Further, as noted by the League for Human Rights of B'nai Brith Canada in its open letter to Premier Dalton McGuinty dated March 16, 2006:
"The need for legal representation and advice -- currently a statutory right -- will put an unnecessary, unfair and onerous burden on the majority of complainants, who are already victimized by alleged discrimination, and would potentially have a profoundly negative impact on small businesses. The offer of some form of legal aid in the attorney general?s announcement would benefit only those who fall within a certain income category.
"We understand, despite this assertion on the part of the attorney general, that legal aid -- an already overtaxed system -- is not in a position to adequately fund such a programme, nor are many community legal aid clinics in a position to, or willing to, have carriage of these complaints. We fear that this will create an ethos of 'justice by means test' wherein justice will be beyond reach of the average person, rather than more accessible. Should a party to a complaint choose to proceed unrepresented, one need only look once again to the court system to appreciate the delays and chaos resulting from unrepresented parties."
It is significant that in British Columbia -- the only province in Canada to formally adopt a direct-access-to-the-tribunal approach to human rights complaints ? there has been resounding criticism of the Human Rights Legal Aid Clinic that was established to represent complainants.
In fact, this clinic is so overburdened and underfunded that it has had to set up its own gate-keeping function to limit the number of complainants it represents.

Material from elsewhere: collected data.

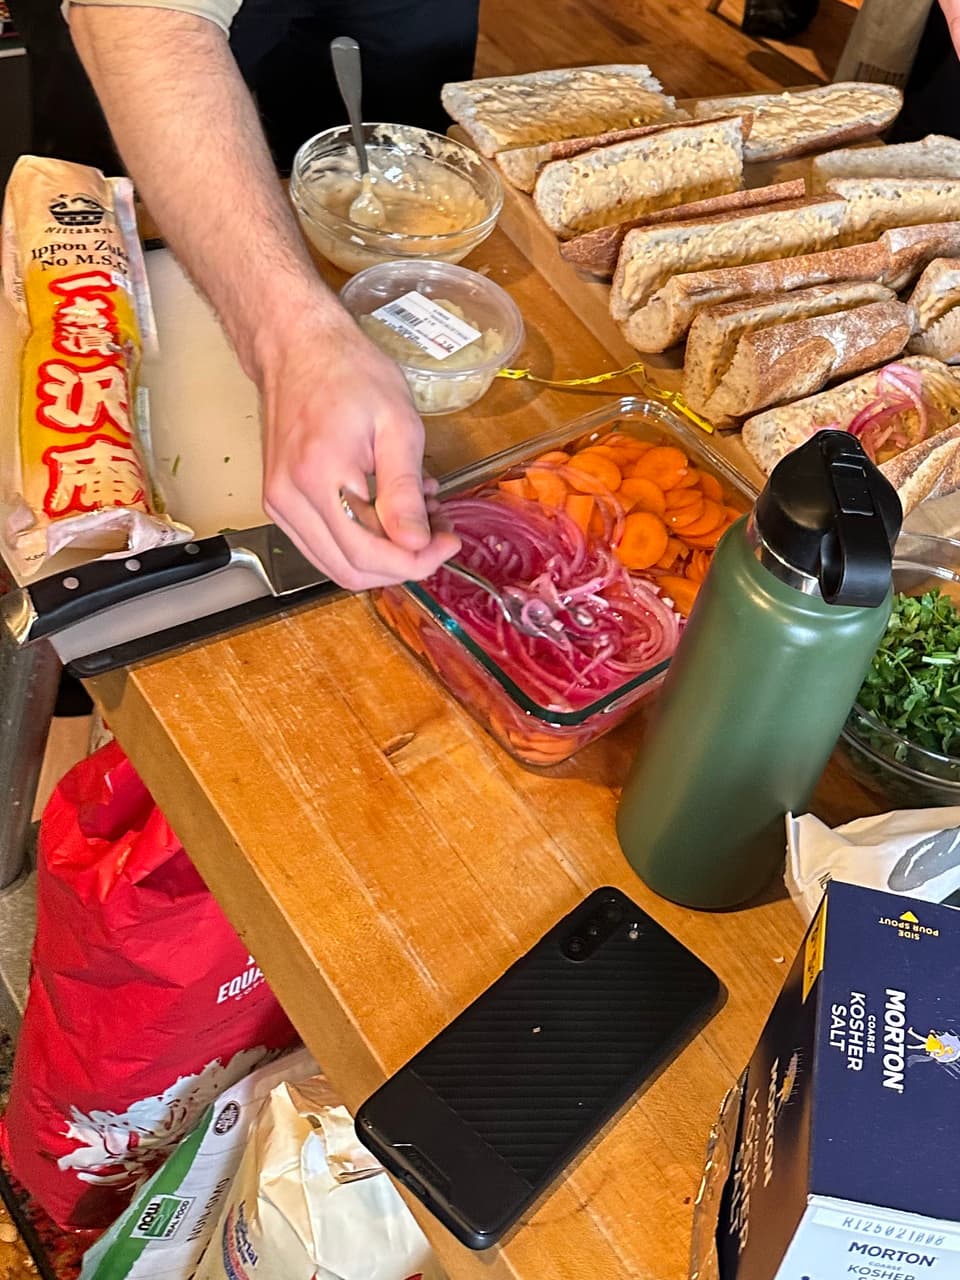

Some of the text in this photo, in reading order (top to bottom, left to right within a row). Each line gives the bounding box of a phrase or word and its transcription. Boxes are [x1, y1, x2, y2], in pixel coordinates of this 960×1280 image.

[31, 242, 88, 260] Ippon
[41, 256, 69, 271] No
[878, 916, 939, 937] POUR SPOUT
[897, 929, 920, 941] SIDE
[216, 967, 264, 1005] EQUA
[829, 1003, 847, 1052] SALT
[847, 991, 866, 1072] KOSHER
[867, 1014, 876, 1054] COARSE
[882, 988, 906, 1091] MORTON
[764, 1056, 779, 1188] MORTON
[738, 1088, 760, 1256] KOSHER
[137, 1202, 161, 1232] now
[175, 1199, 190, 1223] FOOD
[848, 1241, 936, 1267] MORTON
[867, 1261, 903, 1271] COARSE
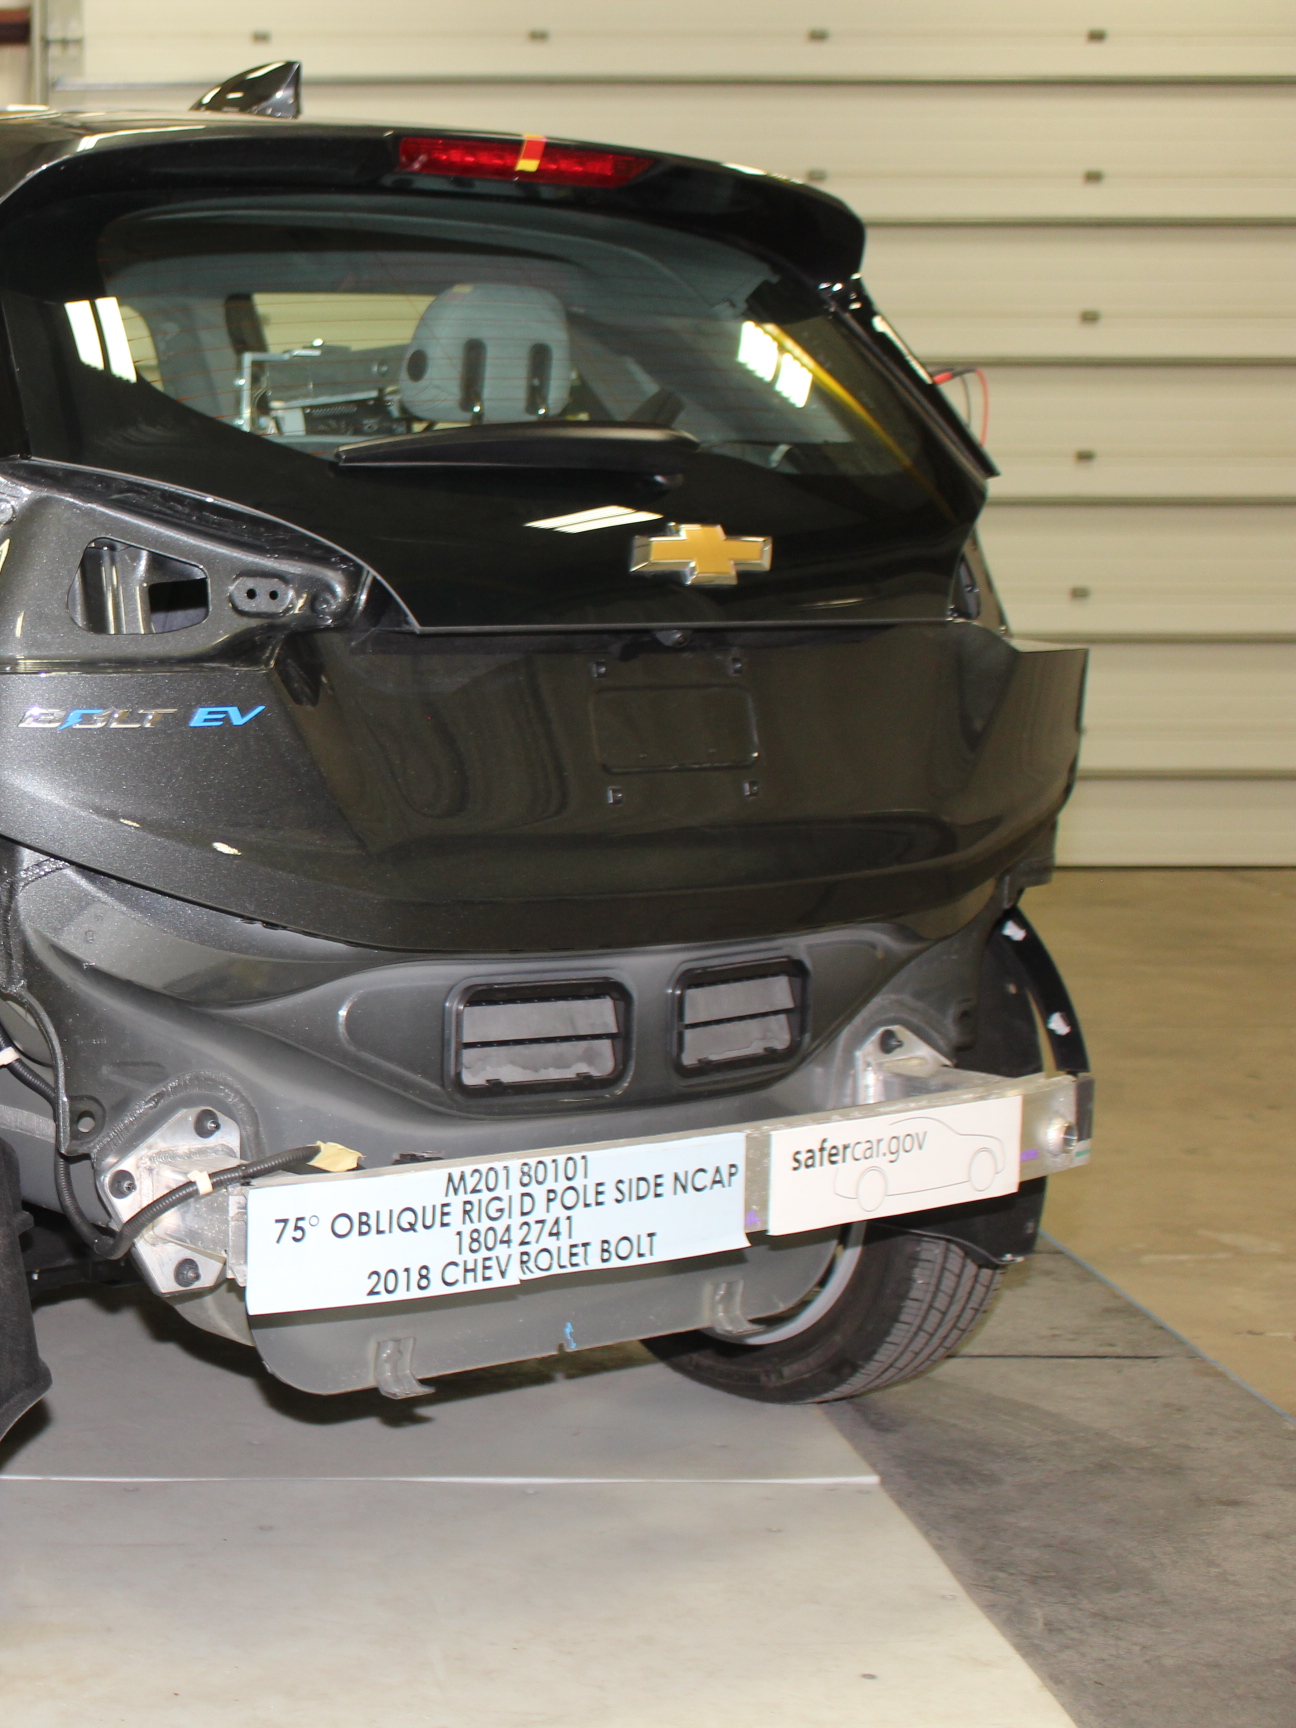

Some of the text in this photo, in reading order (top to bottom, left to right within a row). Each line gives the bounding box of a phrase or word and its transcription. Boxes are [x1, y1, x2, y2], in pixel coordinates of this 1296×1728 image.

[17, 706, 266, 730] BOLT EV
[792, 1131, 928, 1172] safercar.gov
[331, 1202, 452, 1239] OBLIQUE
[462, 1192, 536, 1225] RIGID
[546, 1181, 606, 1213] POLE
[614, 1173, 664, 1204] SIDE
[673, 1163, 739, 1195] NCAP
[366, 1265, 431, 1296] 2018
[600, 1232, 657, 1264] BOLT

As a result, about half the complainants appear at pre-hearing motions without legal representation. Further, public interest remedies are not obtained.
The promotion of long-term public interest remedies, and the ability to rectify the power imbalance that typically exists between well-financed respondents and disadvantaged and vulnerable complainants, are best achieved when expert and experienced lawyers working at an appropriately resourced Human Rights Commission prosecute a complaint.  
Litigation of complaints by commission lawyers allows complainants an effective and accessible means of enforcing their rights while also ensuring that public interest remedies are put in place to prevent future violations and that systemic issues are addressed.
The La Forest report observed that the "human rights system is designed not just to provide a remedy to individuals but also to protect the public interest by eliminating discriminatory practices likely to affect others in the future, and advancing equality. From this point of view, denying legal assistance imposes on the claimant the cost of achieving a public benefit which may not be realized where the claimant cannot afford legal assistance."
If, regardless of their ability to pay, complainants are to have meaningful access to enforcement of their human rights under a new system, it is critical that they also continue to have access to lawyers employed at the commission. The commission, through its lawyers, has a vital role to play in prosecuting complaints and ensuring public interest remedies are pursued.
Improving access to justice for complainants is a laudable goal. However, if it is to be achieved, the Ontario government must continue to fund and support a structure that includes commission lawyers.

Deanna Exner is the president of Association of Law Officers of the Crown, which represents approximately 600 lawyers who perform legal services for the government of Ontario, including the lawyers who currently perform the legal services for the Ontario Human Rights Commission.